Byju’s Insolvency Crisis Stirs Concern Among Employees and Stakeholders
News Mania Desk/Agnibeena Ghosh/22nd August 2024
The insolvency crisis at Byju’s, a prominent Indian ed-tech firm, has sent shockwaves through the startup community, sparking widespread anxiety among its thousands of employees. Once celebrated as a high-flying startup valued at $22 billion in 2022, Byju’s now faces a major financial upheaval amid a bitter dispute with U.S. lenders demanding $1 billion in unpaid dues.
Founded in 2011, Byju’s rose to prominence by offering online educational courses, especially popular during the COVID-19 pandemic. However, the company is now embroiled in a complex insolvency battle that has led to the suspension of its board and the freezing of its assets. This situation has left many employees in a precarious position, struggling with unpaid wages and financial uncertainty.
Interviews with numerous employees and reviews of communications reveal a growing sense of desperation. Sukirti Mishra, a former mathematics teacher with Byju’s unit WhiteHat Jr, described her dire situation. Once earning $1,200 a month, Mishra is now facing significant challenges, including mounting medical bills and loan payments, while also dealing with the fallout from her decision to halt classes due to the company’s financial troubles.

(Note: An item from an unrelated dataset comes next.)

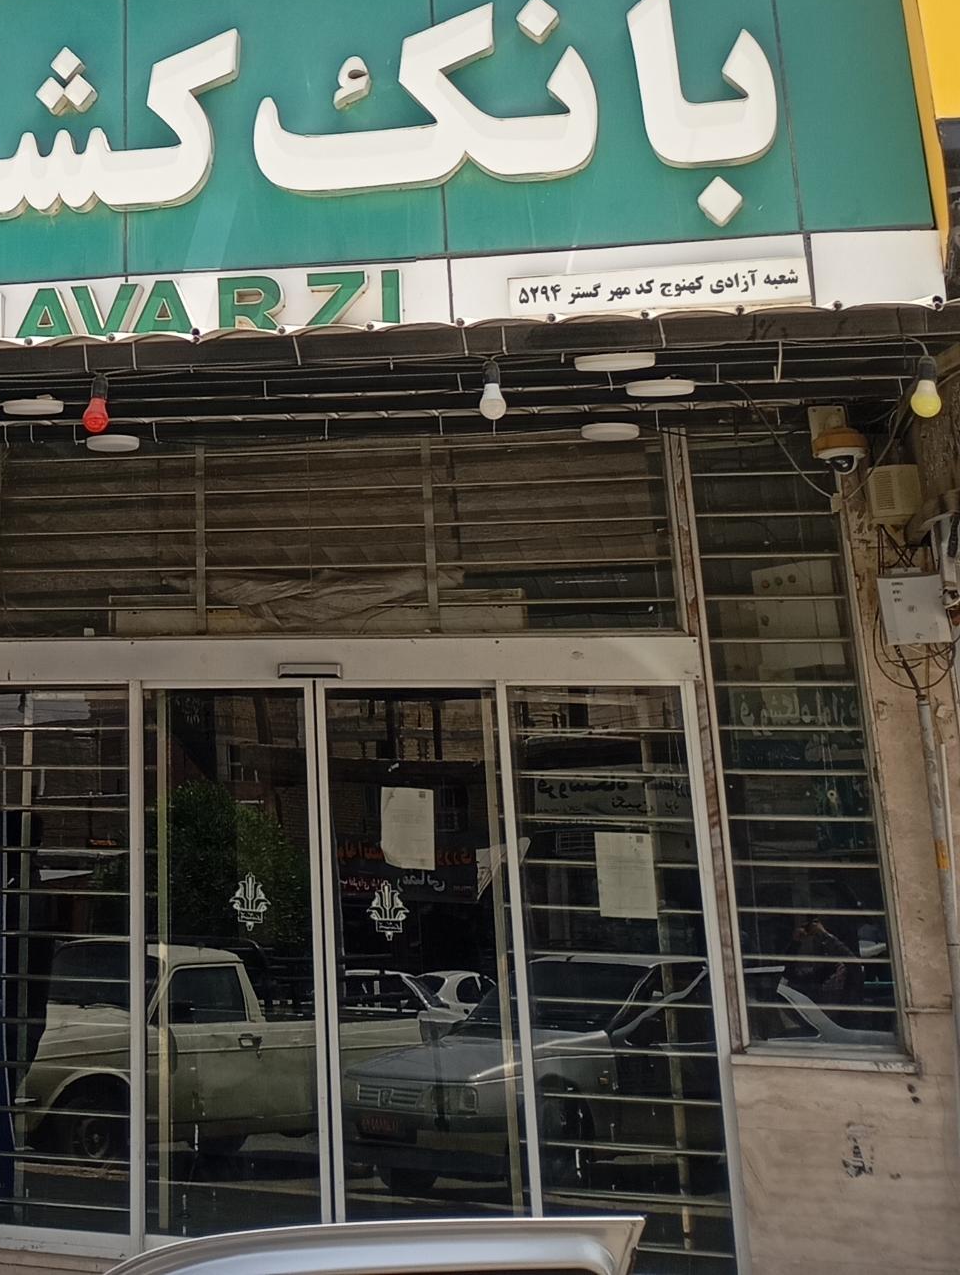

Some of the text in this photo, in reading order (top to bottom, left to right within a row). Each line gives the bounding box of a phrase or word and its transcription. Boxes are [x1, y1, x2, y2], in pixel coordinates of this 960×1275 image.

[518, 269, 799, 305] شعبه آزادی کهنوج کد مهر گستر ۵۲۹۴
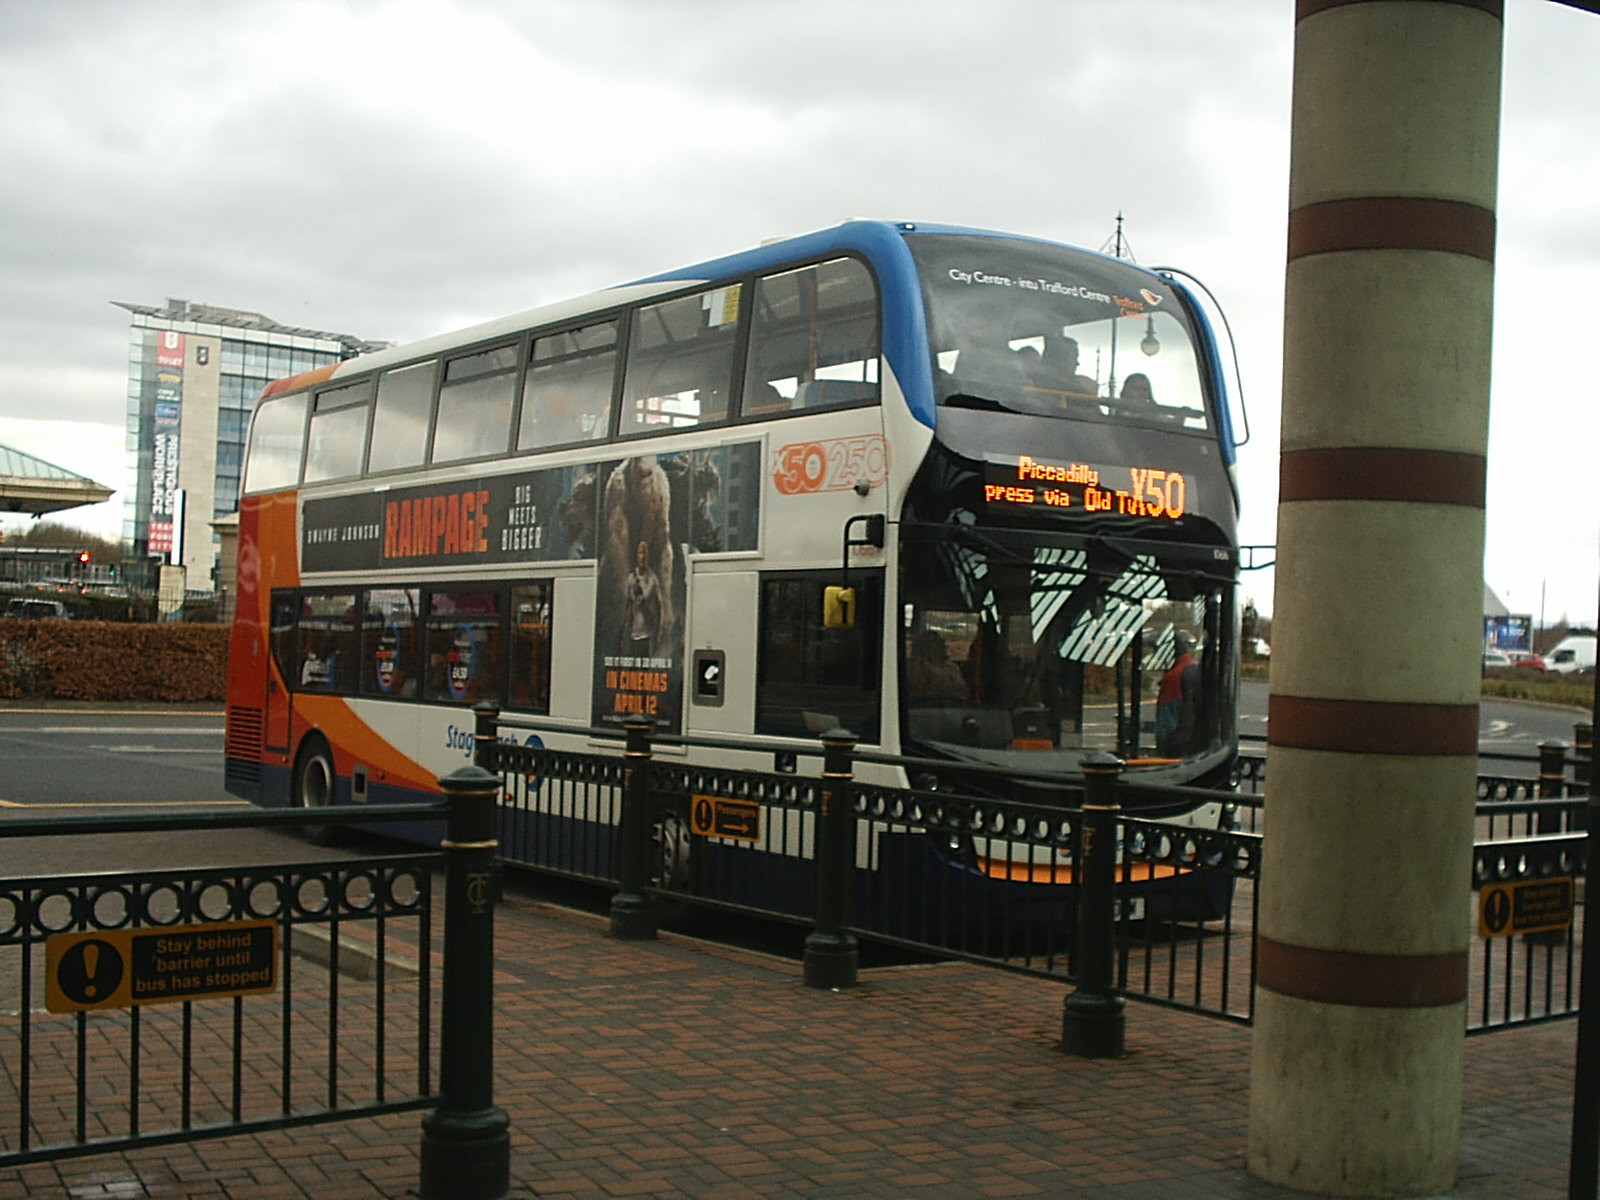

Despite Byju’s attempts to regain control and address the insolvency issue, the company did not respond to queries about the situation. The ongoing court proceedings have led to further unrest among the company’s 27,000 employees, many of whom have not received their salaries for months. As a result, about 3,000 employees have filed claims to recover their dues, backed by bank statements as evidence.
The situation is becoming increasingly critical, with employees considering protests or legal actions to secure their rights. Byju’s founder, Byju Raveendran, has assured staff in an internal memo that salaries will be paid once the company regains stability, but the path to resolution remains uncertain. The process of finding a new buyer or liquidating assets could take months, and there are no guarantees that all employees will recover their owed payments.
The company’s financial troubles have been compounded by internal strife, including boardroom exits, delayed financial disclosures, and an auditor resignation. Accusations of mismanagement have been directed at Raveendran, although he has denied any wrongdoing. The crisis has also prompted a wave of complaints to state grievance panels, with employees alleging that the company has not paid the taxes deducted from their salaries.
Byju’s employees and affected parents are actively organizing to address their grievances. WhatsApp groups with over 2,200 members have been created to strategize on potential actions, including social media campaigns and street protests. Parents, concerned about recovering their payments, have even suggested tagging former Byju’s brand ambassadors, such as soccer star Lionel Messi, on social media to raise awareness of the issue.
As Byju’s struggles to overcome its financial difficulties, Raveendran remains optimistic about the company’s future. In a recent memo, he expressed confidence that Byju’s is on the brink of reversing its negative business cycle and showing signs of recovery. However, the road ahead is fraught with challenges, and the resolution of this crisis will be closely watched by the broader startup ecosystem and the thousands of individuals affected by the company’s downfall.